> Task prompt: Return each entry word for word, without its pictures.

____________

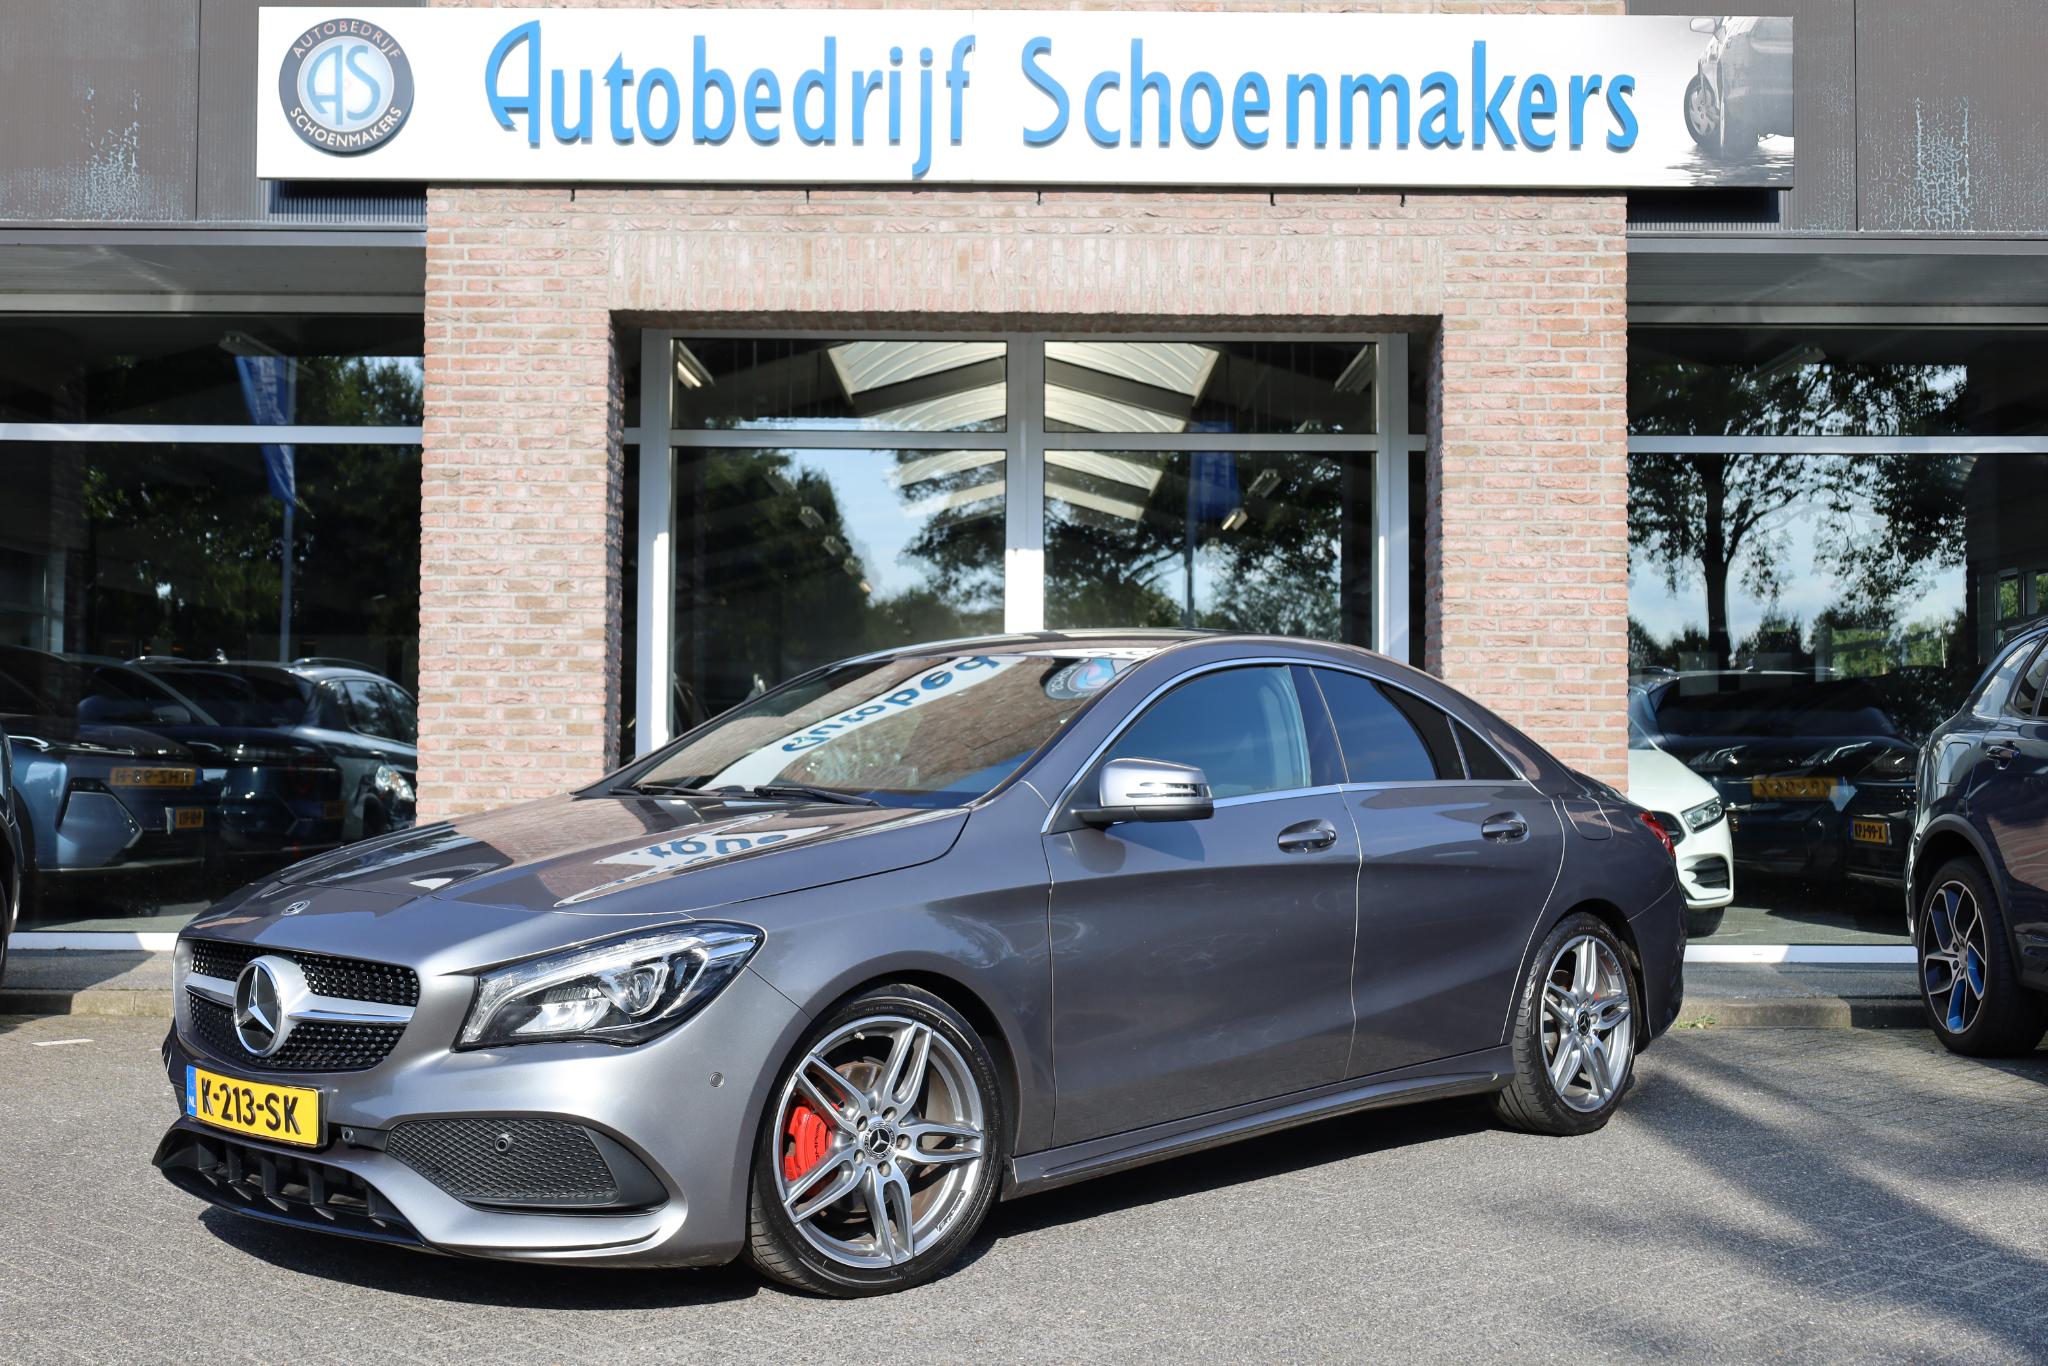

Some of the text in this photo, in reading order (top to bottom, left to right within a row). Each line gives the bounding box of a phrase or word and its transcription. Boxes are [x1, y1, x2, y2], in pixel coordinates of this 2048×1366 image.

[293, 20, 401, 58] AUTOBEDRIJF
[307, 45, 381, 125] AS
[485, 20, 1640, 181] Autobedrijf Schoenmakers
[290, 106, 402, 147] SCHOENMAKERS
[201, 1077, 302, 1135] K-213-SK
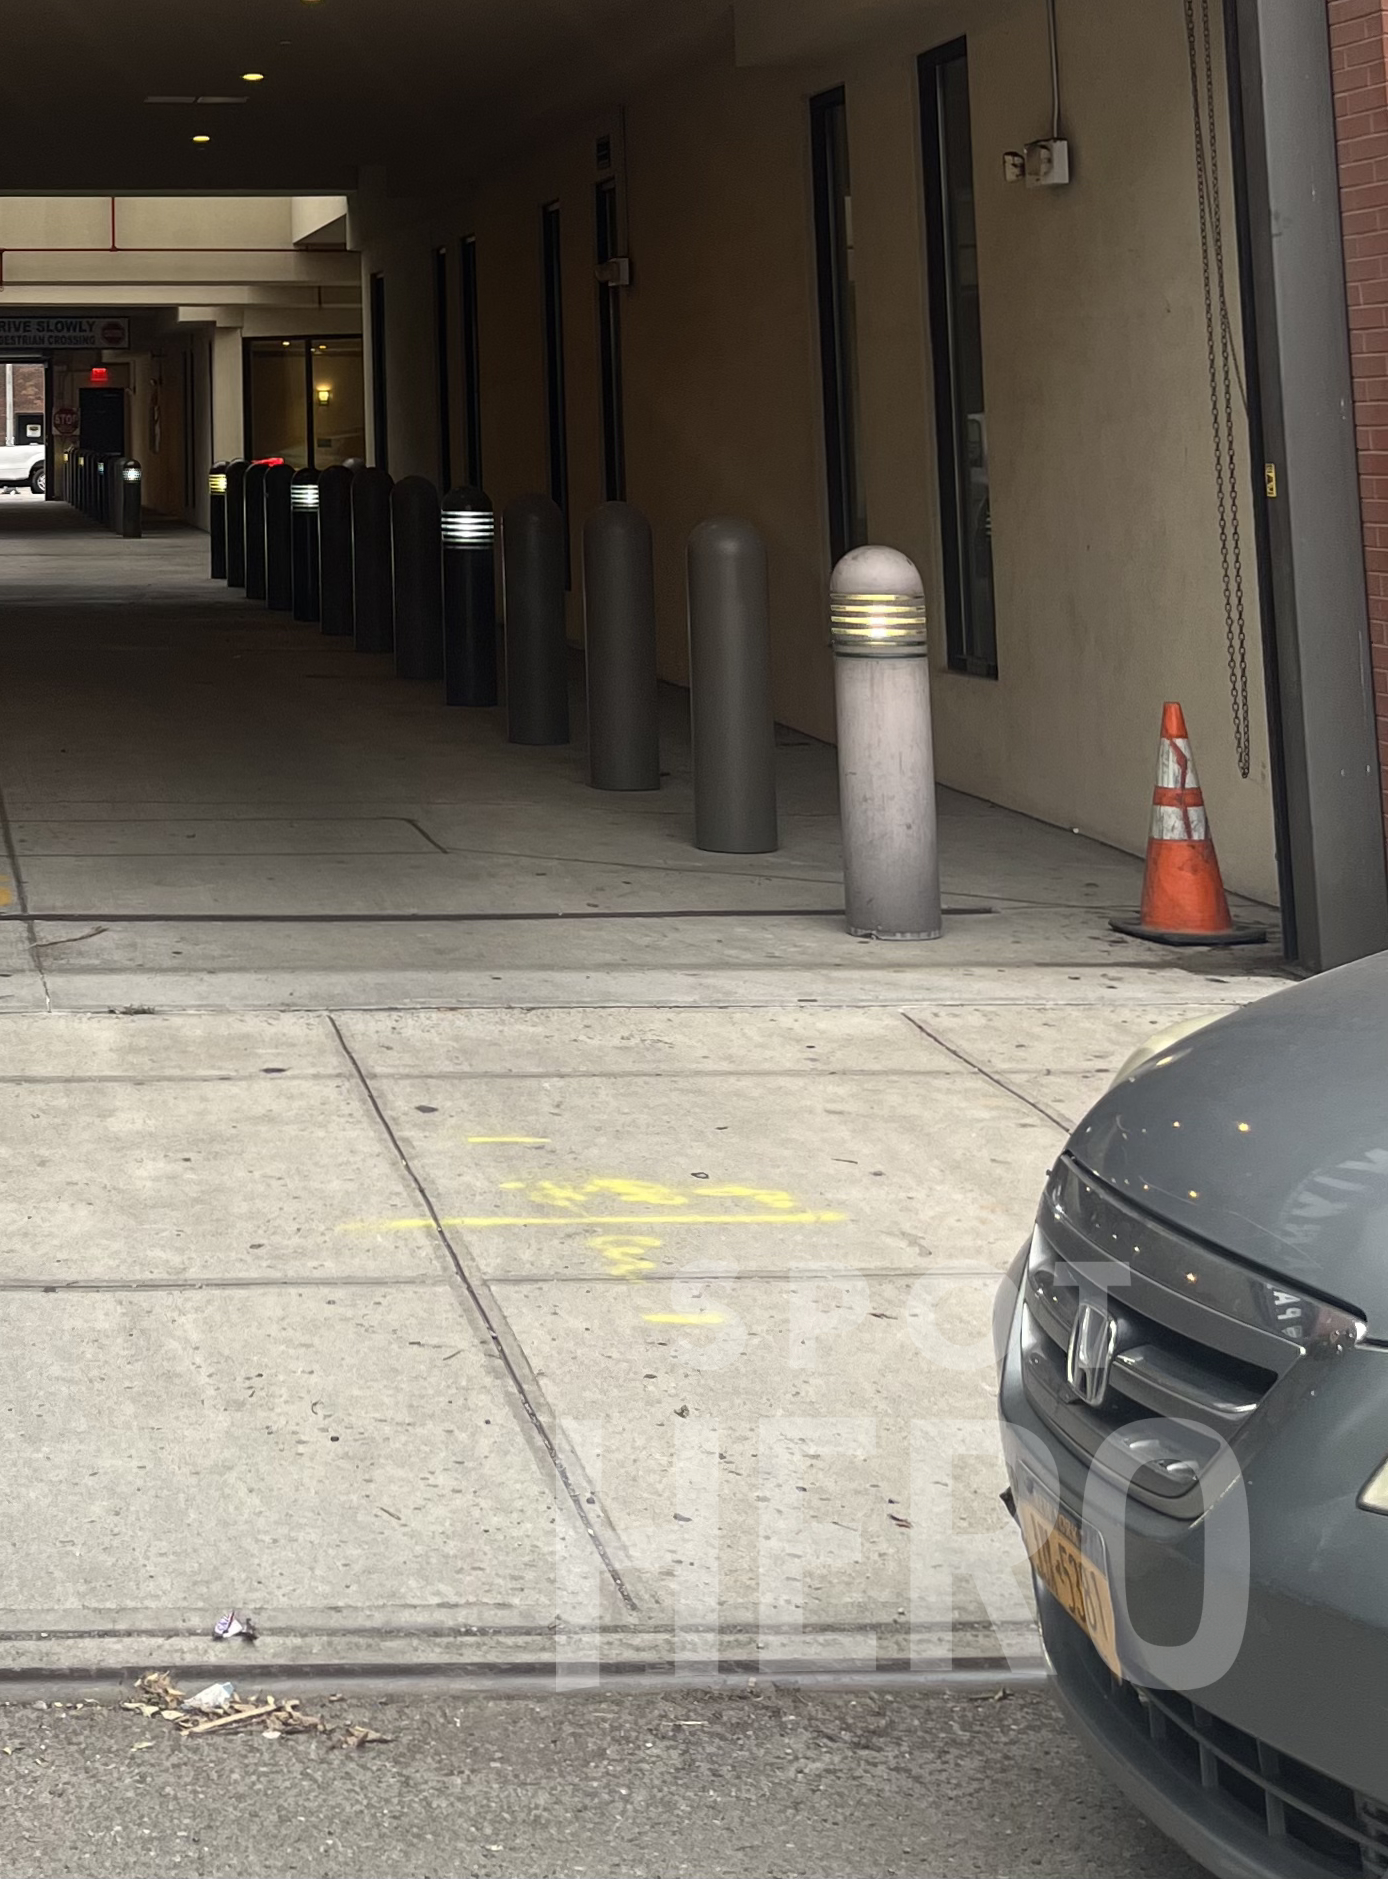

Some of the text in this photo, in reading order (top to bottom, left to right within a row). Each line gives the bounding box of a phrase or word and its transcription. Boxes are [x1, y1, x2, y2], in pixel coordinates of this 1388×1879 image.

[36, 320, 96, 333] SLOWLY
[46, 334, 96, 346] CROSSING
[55, 413, 78, 425] STOP
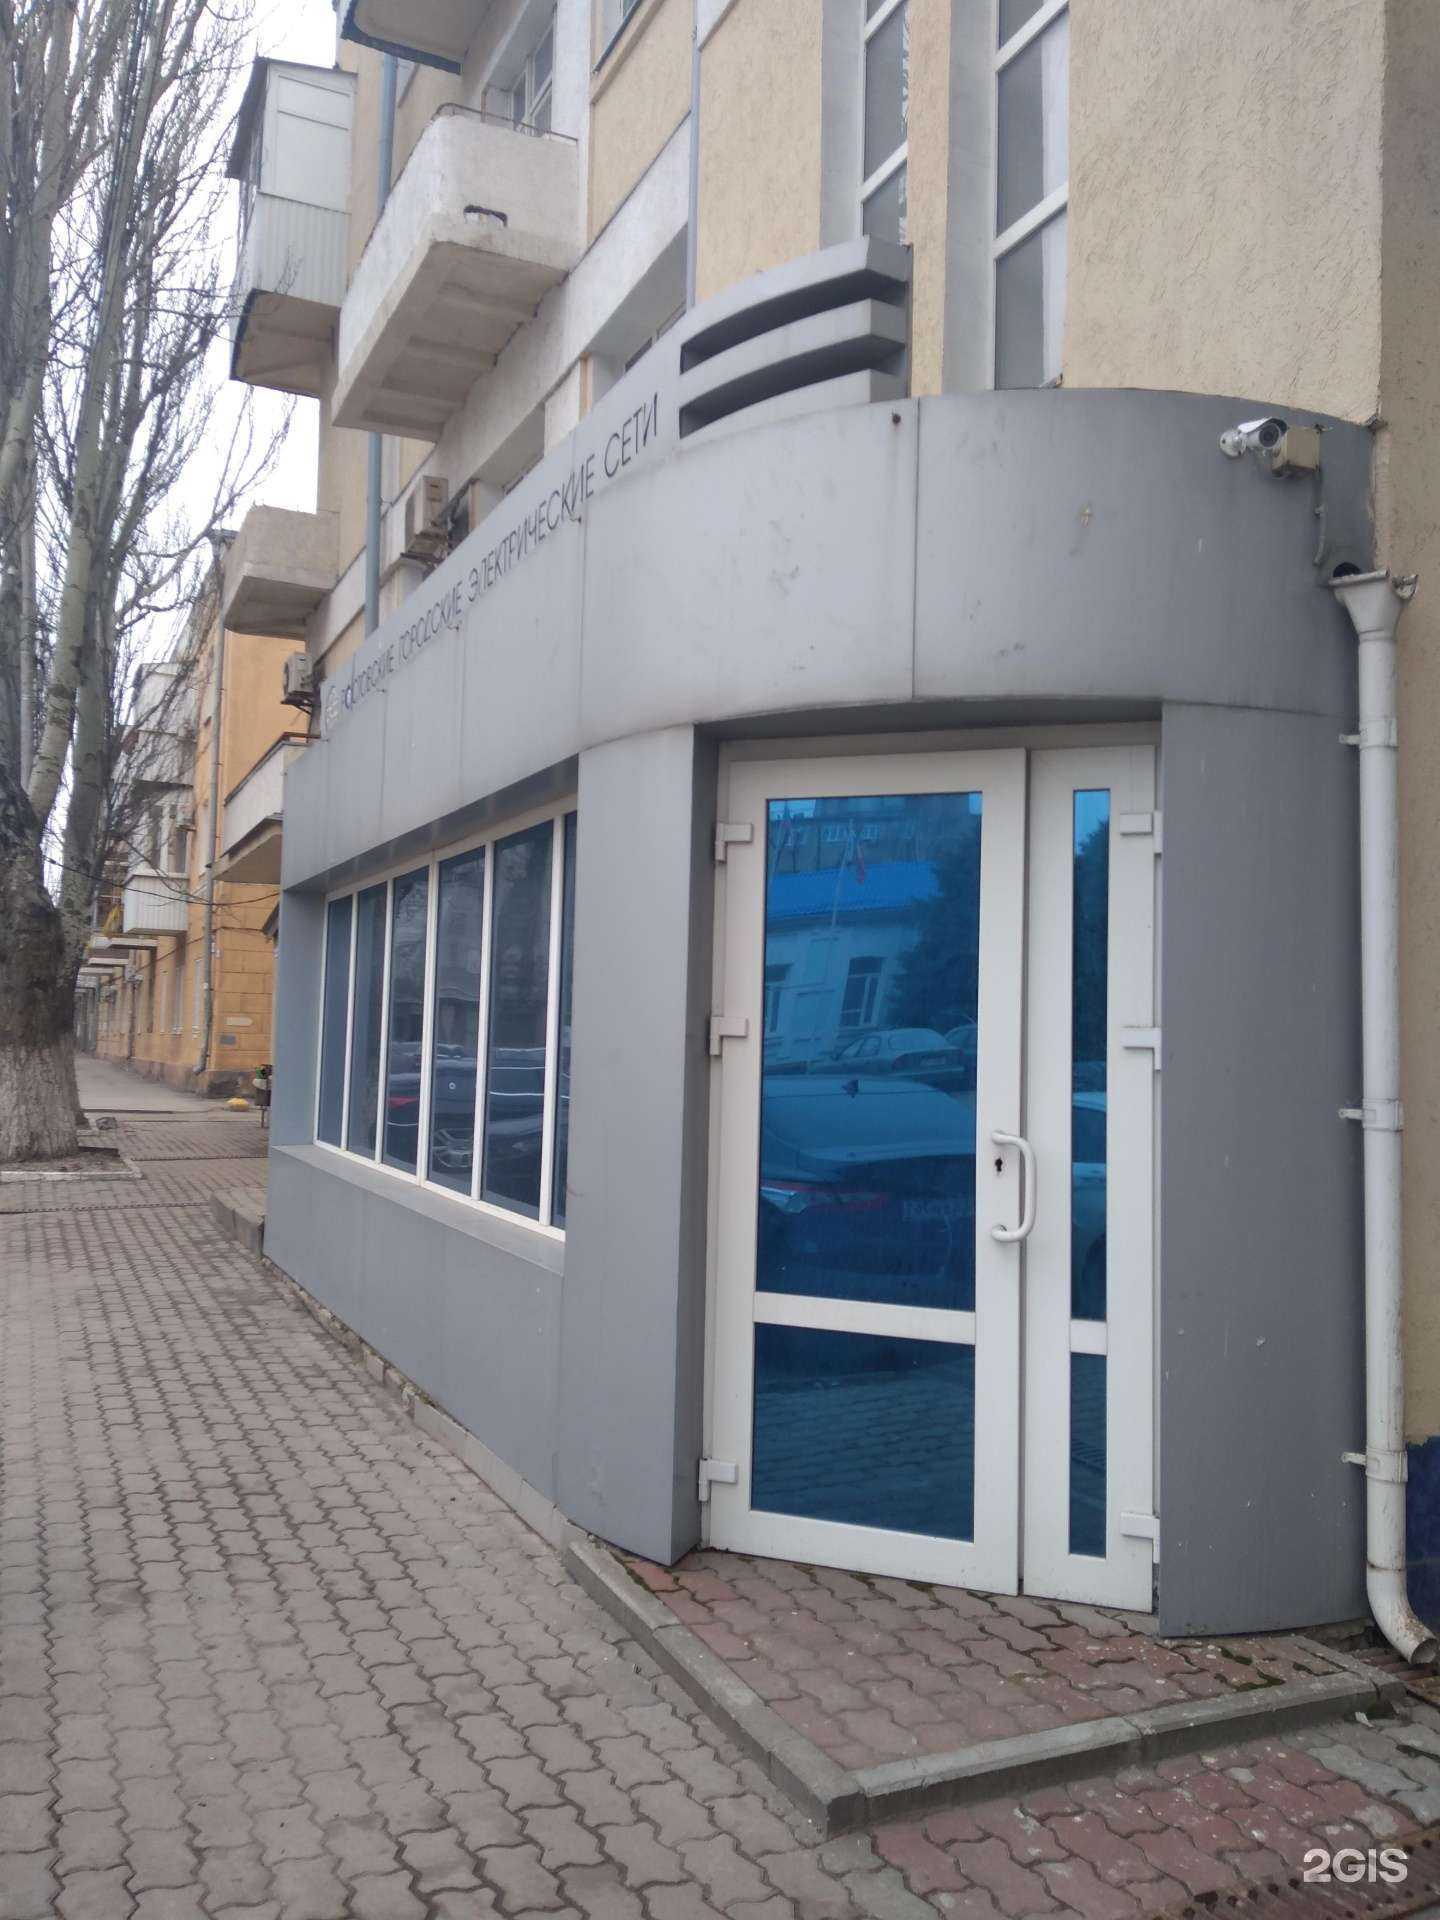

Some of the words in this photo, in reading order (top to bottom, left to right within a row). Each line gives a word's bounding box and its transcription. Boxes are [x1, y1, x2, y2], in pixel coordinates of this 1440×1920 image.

[399, 582, 463, 665] ГОРОДСКИЕ
[468, 455, 595, 602] ЭЛЕКТРИЧЕСКИЕ
[603, 392, 658, 478] СЕТИ

____________

> Solution to this problem:
Some of the text in this photo, in reading order (top to bottom, left to right within a row). Each line gives the bounding box of a phrase or word and its transcription. Boxes are [x1, y1, x2, y2], in pixel coordinates of this 2048×1366 image.

[293, 20, 401, 58] AUTOBEDRIJF
[307, 45, 381, 125] AS
[485, 20, 1640, 181] Autobedrijf Schoenmakers
[290, 106, 402, 147] SCHOENMAKERS
[201, 1077, 302, 1135] K-213-SK

Some of the text in this photo, in reading order (top to bottom, left to right within a row). Each line gives the bounding box of a phrase or word and its transcription. Boxes are [x1, y1, x2, y2], in pixel coordinates of this 1388×1879 image.

[36, 320, 96, 333] SLOWLY
[46, 334, 96, 346] CROSSING
[55, 413, 78, 425] STOP

Some of the words in this photo, in reading order (top to bottom, left to right within a row). Each line gives a word's bounding box and its transcription. Boxes are [x1, y1, x2, y2], in pixel coordinates of this 1440×1920 image.

[399, 582, 463, 665] ГОРОДСКИЕ
[468, 455, 595, 602] ЭЛЕКТРИЧЕСКИЕ
[603, 392, 658, 478] СЕТИ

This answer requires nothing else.